Exercise prompt:
Leaving the pictures aside, repeat each line below exactly.

Saved data entries:
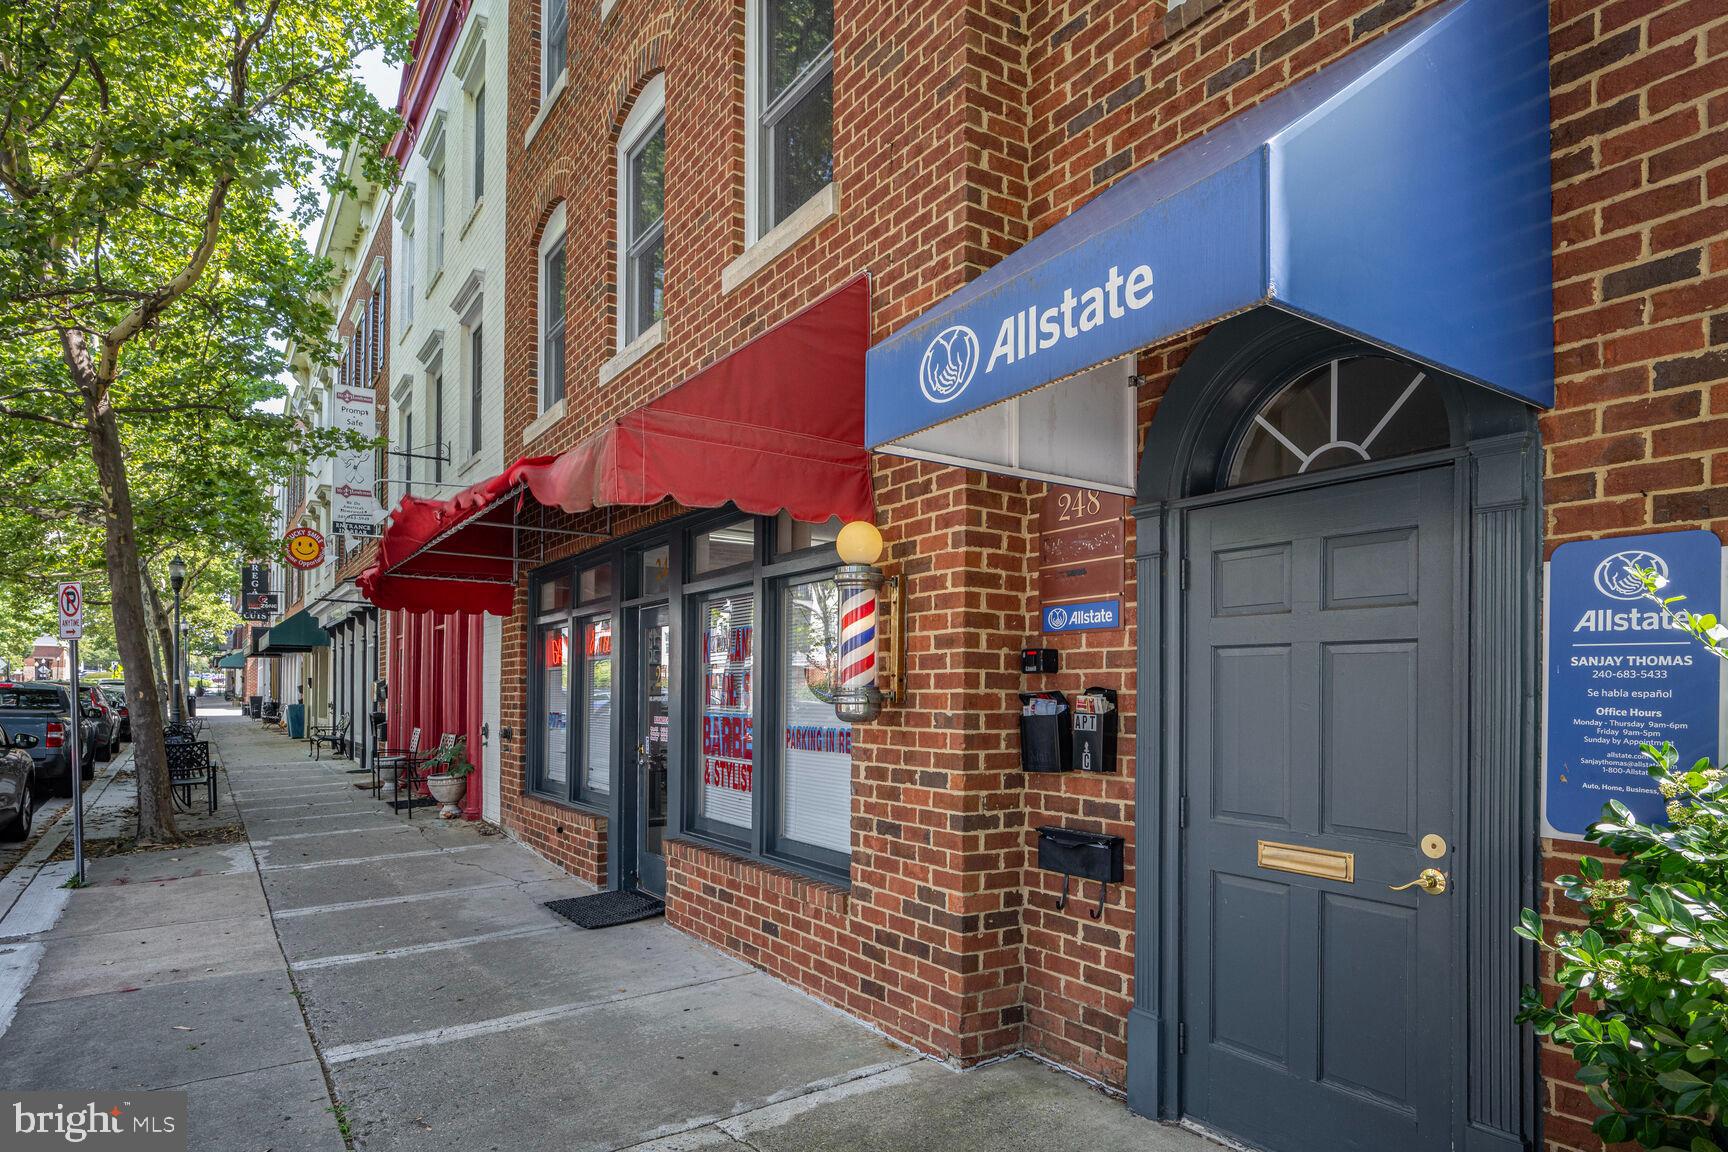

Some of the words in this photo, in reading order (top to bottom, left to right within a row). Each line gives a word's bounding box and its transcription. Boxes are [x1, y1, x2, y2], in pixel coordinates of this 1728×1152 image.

[985, 264, 1154, 374] Allstate
[341, 405, 369, 416] Prompt
[346, 418, 364, 427] Safe
[1058, 489, 1101, 522] 248
[287, 529, 306, 539] UCKY
[62, 618, 80, 627] ANYTIME
[1068, 608, 1113, 626] Allstate
[1572, 608, 1690, 633] Allstate
[1570, 656, 1624, 667] SANJAY
[1626, 655, 1693, 667] THOMAS
[1592, 669, 1668, 679] 240-683-5433
[1587, 688, 1599, 697] Se
[1601, 689, 1629, 698] habla
[1631, 689, 1673, 700] español
[1596, 707, 1628, 717] Office
[1630, 708, 1662, 718] Hours
[1075, 715, 1096, 729] APT
[1573, 718, 1603, 728] Monday
[1609, 719, 1645, 729] Thursday
[1648, 721, 1688, 730] 9am-6pm
[703, 713, 753, 760] BARBE
[1596, 728, 1620, 737] Friday
[1622, 729, 1661, 738] 9am-5pm
[785, 726, 823, 752] PARKING
[825, 728, 836, 753] IN
[1583, 735, 1611, 745] Sunday
[1612, 736, 1622, 746] by
[1623, 738, 1675, 747] Appointmt
[1084, 753, 1090, 768] C
[704, 759, 711, 785] &
[714, 759, 753, 793] STYLIST
[1602, 766, 1649, 776] 1-800-Allstat
[1582, 782, 1601, 791] Auto,
[1602, 784, 1625, 793] Home,
[1626, 786, 1660, 795] Business,
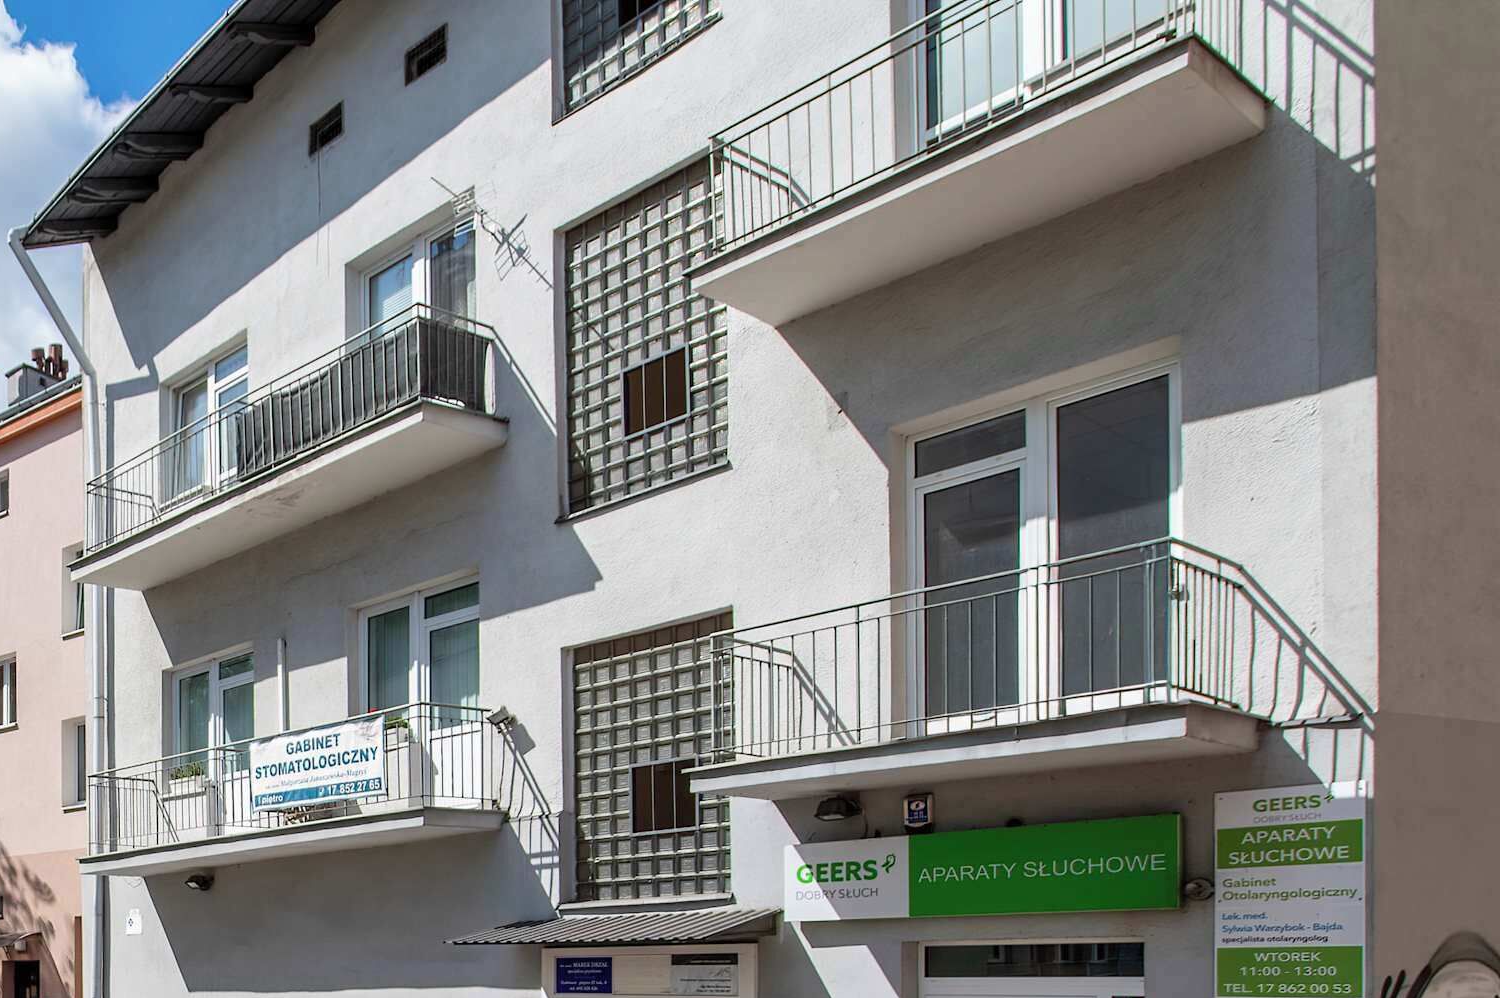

Task output:
Some of the words in this photo, in reading order (top to bottom, left to right within a row). Each line gives a word's bounding box and its transcription. Boxes are [x1, y1, x2, y2], in pixel coordinates of this 1728×1152 image.

[985, 264, 1154, 374] Allstate
[341, 405, 369, 416] Prompt
[346, 418, 364, 427] Safe
[1058, 489, 1101, 522] 248
[287, 529, 306, 539] UCKY
[62, 618, 80, 627] ANYTIME
[1068, 608, 1113, 626] Allstate
[1572, 608, 1690, 633] Allstate
[1570, 656, 1624, 667] SANJAY
[1626, 655, 1693, 667] THOMAS
[1592, 669, 1668, 679] 240-683-5433
[1587, 688, 1599, 697] Se
[1601, 689, 1629, 698] habla
[1631, 689, 1673, 700] español
[1596, 707, 1628, 717] Office
[1630, 708, 1662, 718] Hours
[1075, 715, 1096, 729] APT
[1573, 718, 1603, 728] Monday
[1609, 719, 1645, 729] Thursday
[1648, 721, 1688, 730] 9am-6pm
[703, 713, 753, 760] BARBE
[1596, 728, 1620, 737] Friday
[1622, 729, 1661, 738] 9am-5pm
[785, 726, 823, 752] PARKING
[825, 728, 836, 753] IN
[1583, 735, 1611, 745] Sunday
[1612, 736, 1622, 746] by
[1623, 738, 1675, 747] Appointmt
[1084, 753, 1090, 768] C
[704, 759, 711, 785] &
[714, 759, 753, 793] STYLIST
[1602, 766, 1649, 776] 1-800-Allstat
[1582, 782, 1601, 791] Auto,
[1602, 784, 1625, 793] Home,
[1626, 786, 1660, 795] Business,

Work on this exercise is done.